Bo Mohlin Mini Trout

Ein Rollenspiel mit Schraubendreher und Mikrometer.

Bo Mohlin Mini Trout; Kurbelseite.

Bei der Herbstauktion 2015 in Bad Karlshafen habe ich auf eine Bo Mohlin Mini Trout Limited Edition mitgeboten und bekam den Zuschlag. Das Interesse an der Rolle war anscheinend hoch genug, um den Preis fast an mein Limit zu treiben. Udo schickte mir die Rolle mit den Worten: „Teures Schätzchen zum Auseinanderschrauben!“, denn er war über meine Absichten informiert.

Mini Trout, Rückseite.

Ich hatte mal zwei Mohlins, es steht mein Name darauf, und sie sind sicher auch irgendwo in Betrieb – nur nicht bei mir. Unser Uhrmacher hier im Ort musste sie erst betriebsbereit machen, weil die gefederte Clickerkugel des Bremsverstellhebels nicht in die dafür vorgesehene Lochreihe der Unterplatte klickte. Bei beiden!

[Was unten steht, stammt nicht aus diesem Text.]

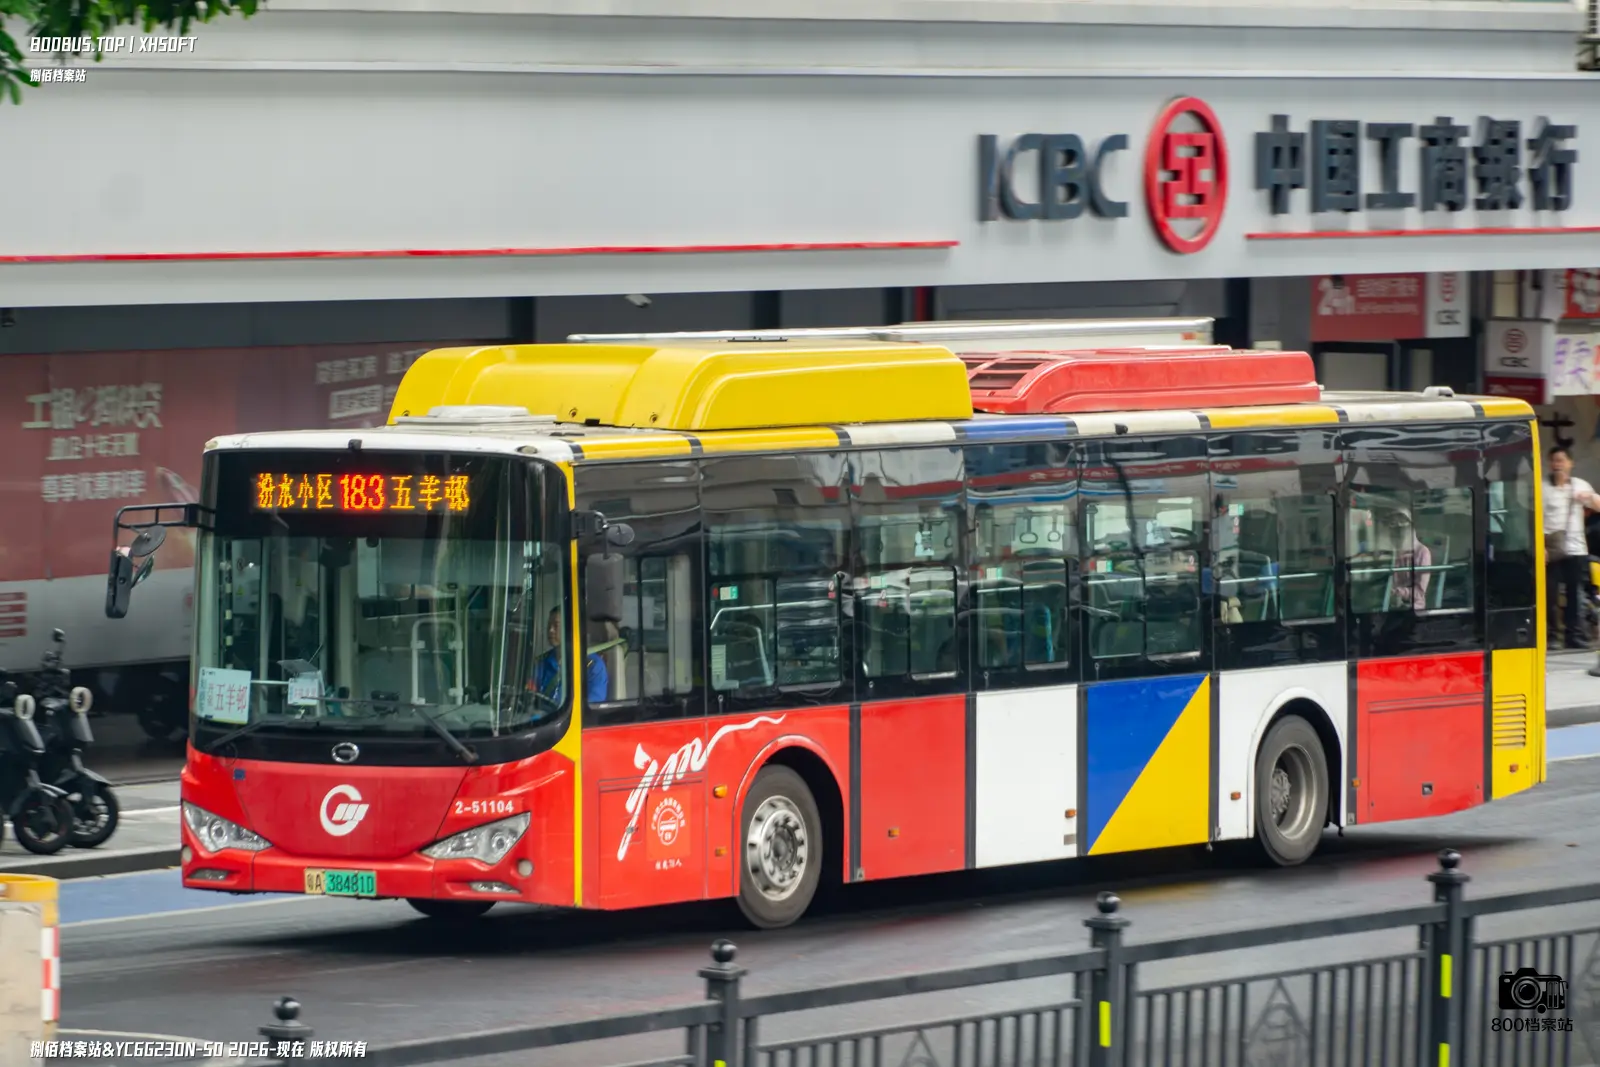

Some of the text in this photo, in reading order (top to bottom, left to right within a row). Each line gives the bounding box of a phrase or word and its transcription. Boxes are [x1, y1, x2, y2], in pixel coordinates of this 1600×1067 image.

[978, 132, 1129, 222] ICBC
[1254, 113, 1579, 215] 中国工商银行
[339, 473, 385, 510] 183
[455, 800, 514, 815] 2-51104
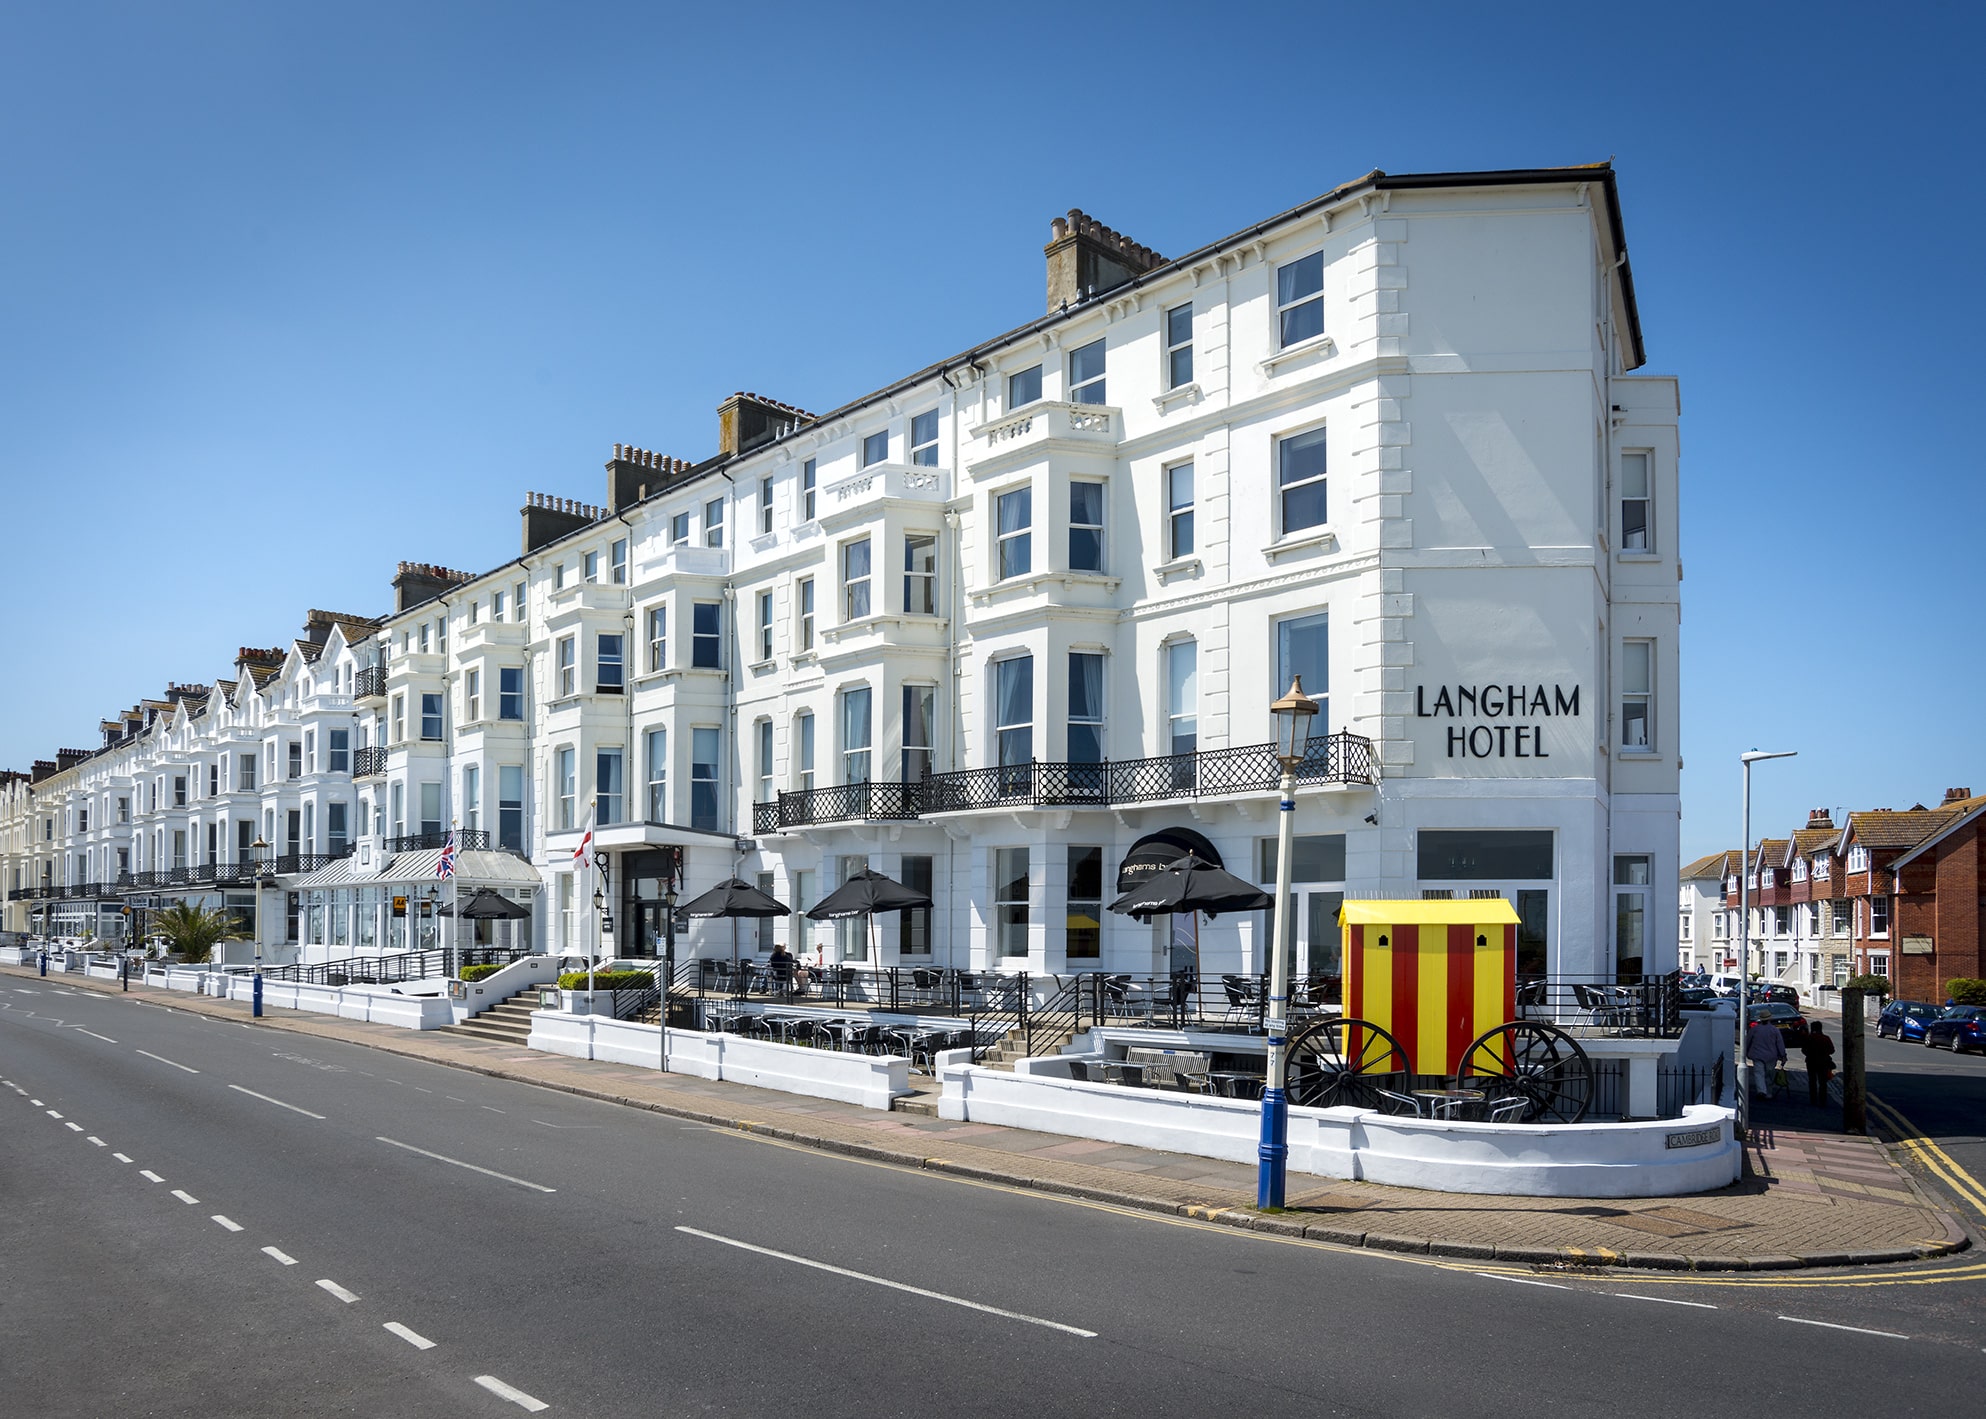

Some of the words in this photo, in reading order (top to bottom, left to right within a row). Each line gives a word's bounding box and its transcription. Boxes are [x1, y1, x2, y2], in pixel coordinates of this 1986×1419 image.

[1417, 684, 1580, 717] LANGHAM
[1447, 725, 1549, 758] HOTEL
[1670, 1132, 1708, 1146] CAMBRIDGE

Mini Trout, Kurbel, Kurbelschraube rechts, Stegschrauben links.

Das war aber nur ein kleines Ärgernis, und trotz meiner so entstandenen Vorbehalte funktionierten die Rollen tadellos. Wer sie gerade besitzt erkennt sie an meinem Namen und den oval aufgebohrten Löchern der oben beschriebenen Scheiben. Ihre letzten Lachse fingen die Rollen 1990 am Tweed, denn am 5. April 1991, nach nur einem Jahr Wartezeit und knapp vor meinem 35ten Geburtstag, schickte mir Stan Bogdan die bestellten Rollen 0 und 2. Für 695 Dollar die eine, für 745 Dollar die andere. Bis dahin hatte ich „nur“ Forellen-Bogdans im Geräteschatz.

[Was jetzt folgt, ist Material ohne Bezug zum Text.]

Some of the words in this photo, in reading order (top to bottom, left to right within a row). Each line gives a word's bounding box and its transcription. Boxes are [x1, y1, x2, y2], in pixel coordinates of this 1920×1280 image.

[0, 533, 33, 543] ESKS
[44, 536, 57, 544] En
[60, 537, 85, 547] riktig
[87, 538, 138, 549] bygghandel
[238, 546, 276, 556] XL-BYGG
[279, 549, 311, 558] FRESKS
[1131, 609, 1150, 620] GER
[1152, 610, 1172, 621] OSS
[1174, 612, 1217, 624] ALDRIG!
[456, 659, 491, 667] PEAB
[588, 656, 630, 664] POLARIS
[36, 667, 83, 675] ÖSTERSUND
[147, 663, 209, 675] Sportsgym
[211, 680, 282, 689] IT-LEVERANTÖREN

Mini Trout, Kurbelplatte außen

Damit hatten die Mohlins ihre Rolle als Platzhalter erfüllt und ich verkaufte beide. Jetzt doch wieder eine zu kaufen hängt damit zusammen, dass ich angefangen habe Rollen zu bauen. Und dazu die Rollen anderer Benchmaker natürlich zu gern anschaue. Dr. Paul Hermann ist mein Vorbild und Favorit. Für die ganz paar Leute, die ähnliche Interessen haben wie ich, hier die Ergebnisse der Vermessung und einige Vermutungen dazu.

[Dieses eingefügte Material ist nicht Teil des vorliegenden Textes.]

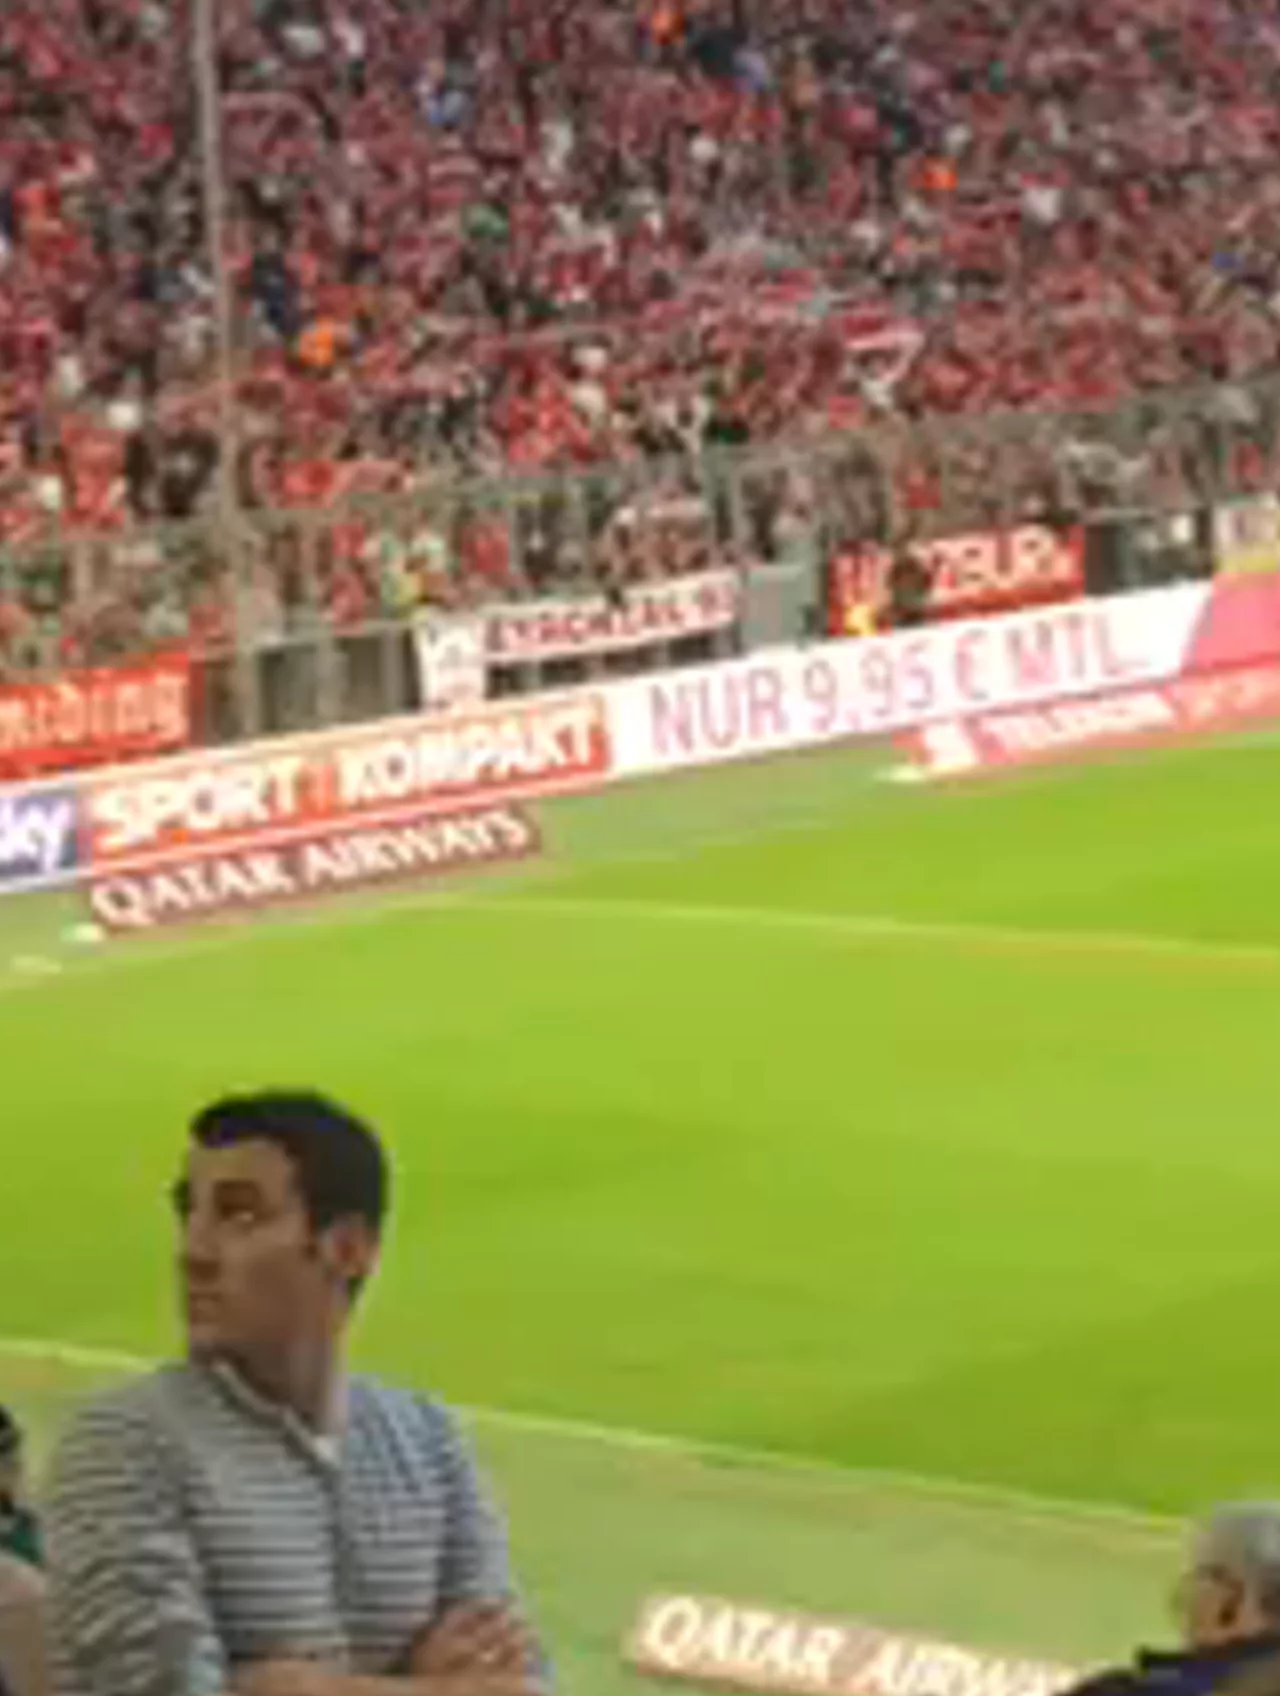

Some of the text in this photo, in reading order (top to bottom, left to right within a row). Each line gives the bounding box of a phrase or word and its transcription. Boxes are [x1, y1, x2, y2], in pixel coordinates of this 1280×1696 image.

Seitenplatte auf der Kurbelseite: Aluminium OD 74,39 mm, 70,70 mm ID außen, 6,65 mm ID innen, 5,63 mm dick. Die tiefschwarz anodisierte Aluplatte ist 1,2 mm dick, 12 Löcher Innenkreis 4,5 mm, 24 Löcher Außenkreis 4,5 mm, 23 Löcher Mittelkreis 3,5 mm, 7,80 mm Loch für die Buchse. Bronzebuchse OD 15,19 mm, Achsloch ID 5,72 bis 5,88 (man sieht mit bloßem Auge dass es unrund ist, vermutlich durch den Druck der Kernlochbohrungen gleich daneben). Länge der Buchse 4,5 mm. Verschraubt mit M1,5 mm Edelstahlschrauben. Die Durchgangslöcher für die Stegschrauben haben 2,5 mm ID. Man erkennt Gewindeansätze in der Platte, anscheinend aber nur von den härteren Schrauben. 

Mini Trout, Kurbelplatte innen.

Der Clicker ist 19,18 mm lang und 8,80 mm breit und hat an der Spitze einen Winkel 45 Grad. Die Fräsung zur Aufnahme der 7,23 mm OD Messingscheibe, die dann mittels einer Schraube durch die Rückplatte den Clicker hält, ist 8,80 mm mal 7,18 mm. Die Schraube zeigt eine leichte Körnung und ist vermutlich fest. Ich habe aber nicht versucht den Clicker zu entfernen. Das geschätzt 3mm dicke Material zeigt Fräserspuren von einem 4 mm Schaftfräser, aber unmöglich zu sagen, was es für ein Stahl ist. Ich vermute mal es ist Automatenstahl. Da Bo Mohlin auch Messer baut, kann man über den Stahl lange rätseln. Es gibt zu viele gute Möglichkeiten. Die Laufbuchse auf der Bremsseite hat 7,60 mm OD und eine Bohrung mit 4,97 mm. Sie ist von der Platte aus gemessen 5,14 mm hoch. Auf der Außenseite steht sie 3,30 mm hervor und wird von einer flachen Mutter mit 9,49 mm OD gehalten. 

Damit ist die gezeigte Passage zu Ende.